Assigned task ▸
Look over the listing below and say how many of its lines include the string "CÔNG"; give no more than that number.
══ Provided entries ══
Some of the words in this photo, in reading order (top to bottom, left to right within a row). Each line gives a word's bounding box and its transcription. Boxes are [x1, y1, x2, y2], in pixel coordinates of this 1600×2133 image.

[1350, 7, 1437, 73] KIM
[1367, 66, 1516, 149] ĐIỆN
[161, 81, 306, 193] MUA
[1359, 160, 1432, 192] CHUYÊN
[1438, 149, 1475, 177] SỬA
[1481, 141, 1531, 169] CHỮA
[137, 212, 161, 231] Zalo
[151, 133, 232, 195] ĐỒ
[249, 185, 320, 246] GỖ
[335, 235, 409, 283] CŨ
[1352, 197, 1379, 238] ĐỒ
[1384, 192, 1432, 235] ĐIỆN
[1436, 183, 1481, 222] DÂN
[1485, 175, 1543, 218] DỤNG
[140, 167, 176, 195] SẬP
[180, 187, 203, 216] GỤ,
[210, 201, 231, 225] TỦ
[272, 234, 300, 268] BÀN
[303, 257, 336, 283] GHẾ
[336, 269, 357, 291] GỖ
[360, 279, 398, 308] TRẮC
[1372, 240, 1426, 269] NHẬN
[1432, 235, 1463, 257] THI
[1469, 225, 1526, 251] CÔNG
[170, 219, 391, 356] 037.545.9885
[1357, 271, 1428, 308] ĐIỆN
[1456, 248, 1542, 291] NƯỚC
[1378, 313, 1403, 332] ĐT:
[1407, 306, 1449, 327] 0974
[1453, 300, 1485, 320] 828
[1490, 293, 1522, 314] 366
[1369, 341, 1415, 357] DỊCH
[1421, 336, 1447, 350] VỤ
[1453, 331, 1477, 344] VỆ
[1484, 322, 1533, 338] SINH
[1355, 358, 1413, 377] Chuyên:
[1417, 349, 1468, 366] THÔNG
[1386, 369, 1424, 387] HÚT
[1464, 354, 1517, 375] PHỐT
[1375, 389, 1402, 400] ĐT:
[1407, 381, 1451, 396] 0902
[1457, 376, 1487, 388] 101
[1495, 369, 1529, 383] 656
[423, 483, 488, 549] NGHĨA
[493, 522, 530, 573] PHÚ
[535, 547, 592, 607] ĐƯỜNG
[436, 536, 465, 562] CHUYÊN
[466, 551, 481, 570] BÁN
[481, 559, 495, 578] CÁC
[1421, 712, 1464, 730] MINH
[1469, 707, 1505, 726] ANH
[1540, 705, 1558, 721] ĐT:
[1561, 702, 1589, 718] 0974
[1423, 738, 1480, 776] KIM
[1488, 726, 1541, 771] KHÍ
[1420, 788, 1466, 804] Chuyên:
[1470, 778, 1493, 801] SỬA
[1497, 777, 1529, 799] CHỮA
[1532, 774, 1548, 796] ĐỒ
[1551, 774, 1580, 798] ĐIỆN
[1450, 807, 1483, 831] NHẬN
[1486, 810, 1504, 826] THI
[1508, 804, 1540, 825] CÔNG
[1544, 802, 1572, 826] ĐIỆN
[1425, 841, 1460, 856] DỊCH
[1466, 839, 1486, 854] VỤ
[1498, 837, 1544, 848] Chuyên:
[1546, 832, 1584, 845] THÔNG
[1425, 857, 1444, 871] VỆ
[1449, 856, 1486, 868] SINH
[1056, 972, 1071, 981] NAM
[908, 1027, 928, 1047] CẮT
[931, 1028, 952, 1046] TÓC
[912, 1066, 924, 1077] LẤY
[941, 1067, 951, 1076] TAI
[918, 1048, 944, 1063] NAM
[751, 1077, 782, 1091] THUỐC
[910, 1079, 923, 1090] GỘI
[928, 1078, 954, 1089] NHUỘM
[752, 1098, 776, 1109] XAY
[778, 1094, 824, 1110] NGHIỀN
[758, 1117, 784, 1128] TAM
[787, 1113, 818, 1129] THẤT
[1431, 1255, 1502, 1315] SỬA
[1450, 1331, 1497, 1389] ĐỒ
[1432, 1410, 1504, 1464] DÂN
═══
Problem solution ▸
2